__SOURCE MATERIAL__:

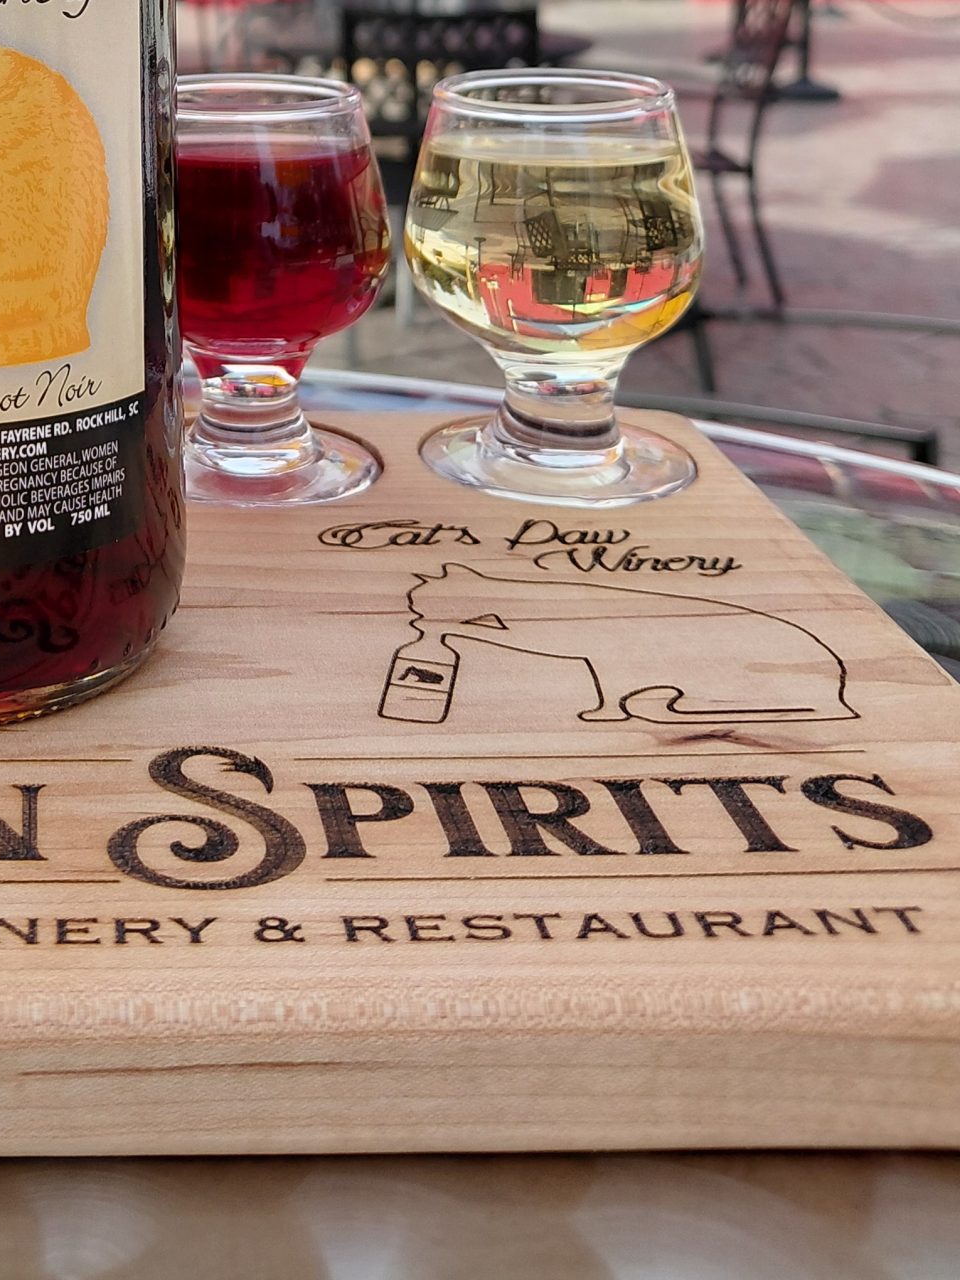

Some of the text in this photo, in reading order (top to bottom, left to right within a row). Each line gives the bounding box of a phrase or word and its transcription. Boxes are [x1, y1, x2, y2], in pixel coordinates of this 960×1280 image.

[34, 363, 102, 408] Noir
[0, 424, 52, 444] FAYRENE
[54, 421, 72, 436] RD.
[76, 413, 103, 432] ROCK
[105, 407, 126, 424] HILL,
[128, 401, 139, 416] SC
[30, 451, 81, 472] GENERAL,
[82, 440, 118, 461] WOMEN
[60, 460, 104, 483] BECAUSE
[105, 456, 118, 471] OF
[27, 502, 52, 520] MAY
[53, 495, 87, 515] CAUSE
[88, 484, 123, 506] HEALTH
[30, 479, 90, 504] BEVERAGES
[91, 467, 125, 489] IMPAIRS
[4, 522, 23, 538] BY
[27, 517, 55, 534] VOL
[71, 509, 92, 526] 750
[93, 503, 111, 520] ML
[318, 518, 631, 550] Cat's Paw
[533, 545, 743, 577] Winery
[107, 746, 934, 891] SPIRITS
[253, 914, 306, 943] &
[344, 905, 924, 942] RESTAURANT
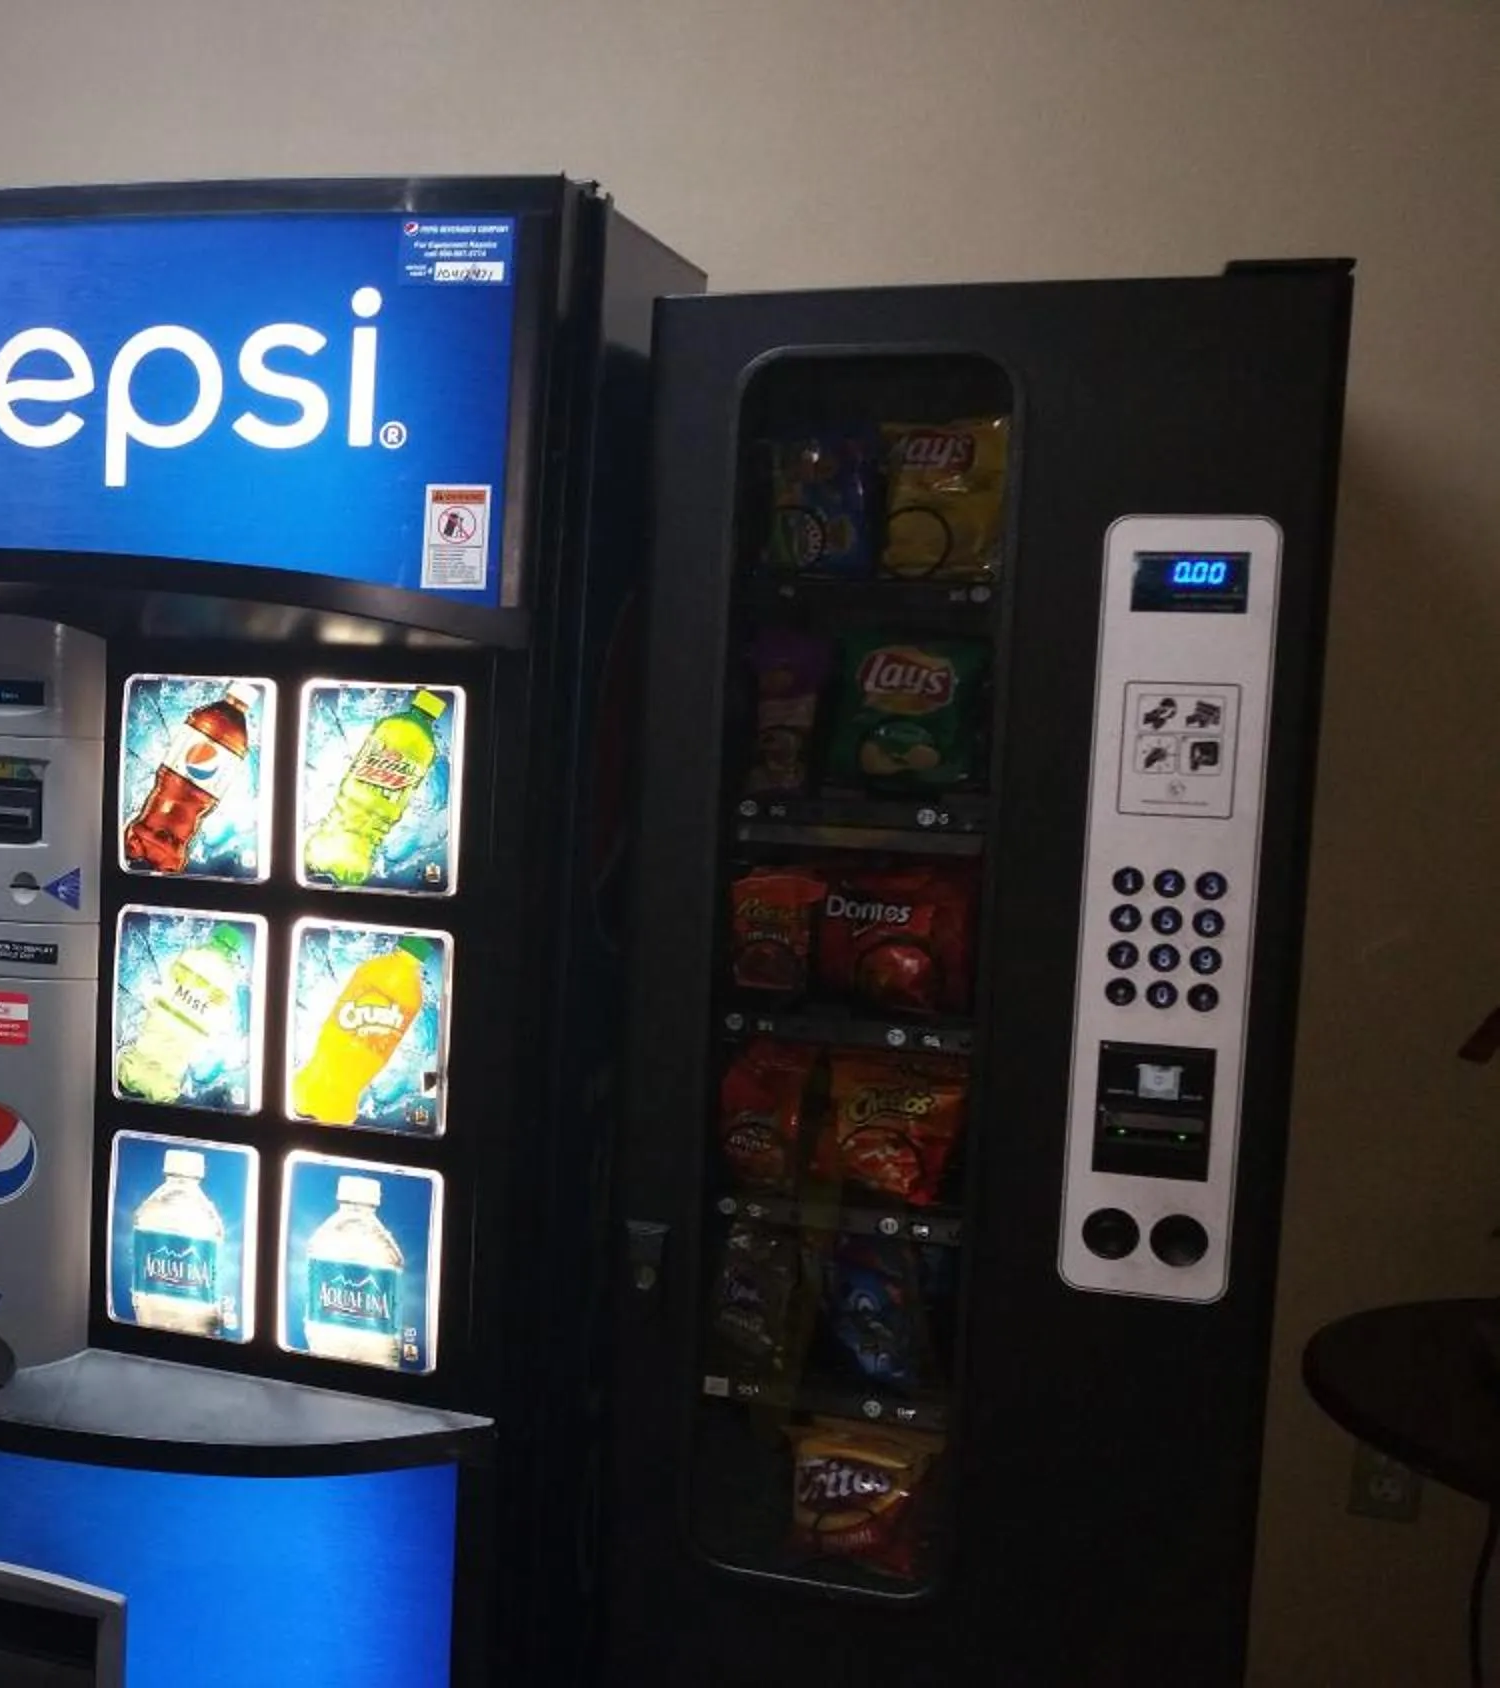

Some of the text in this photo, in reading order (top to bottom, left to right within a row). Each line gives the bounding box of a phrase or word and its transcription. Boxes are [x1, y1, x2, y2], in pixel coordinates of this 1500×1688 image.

__PROBLEM__: Could you write out the records again exactly, omitting each image?

__RESPONSE AREA__:
Some of the text in this photo, in reading order (top to bottom, left to right within a row). Each line gives the bounding box of a phrase or word and its transcription. Boxes are [x1, y1, x2, y2], in pixel coordinates of this 960×1280 image.

[34, 363, 102, 408] Noir
[0, 424, 52, 444] FAYRENE
[54, 421, 72, 436] RD.
[76, 413, 103, 432] ROCK
[105, 407, 126, 424] HILL,
[128, 401, 139, 416] SC
[30, 451, 81, 472] GENERAL,
[82, 440, 118, 461] WOMEN
[60, 460, 104, 483] BECAUSE
[105, 456, 118, 471] OF
[27, 502, 52, 520] MAY
[53, 495, 87, 515] CAUSE
[88, 484, 123, 506] HEALTH
[30, 479, 90, 504] BEVERAGES
[91, 467, 125, 489] IMPAIRS
[4, 522, 23, 538] BY
[27, 517, 55, 534] VOL
[71, 509, 92, 526] 750
[93, 503, 111, 520] ML
[318, 518, 631, 550] Cat's Paw
[533, 545, 743, 577] Winery
[107, 746, 934, 891] SPIRITS
[253, 914, 306, 943] &
[344, 905, 924, 942] RESTAURANT

Some of the text in this photo, in reading order (top to bottom, left to right within a row). Each line gives the bounding box of a phrase or word and its transcription. Boxes are [x1, y1, x2, y2], in pixel coordinates of this 1500×1688 image.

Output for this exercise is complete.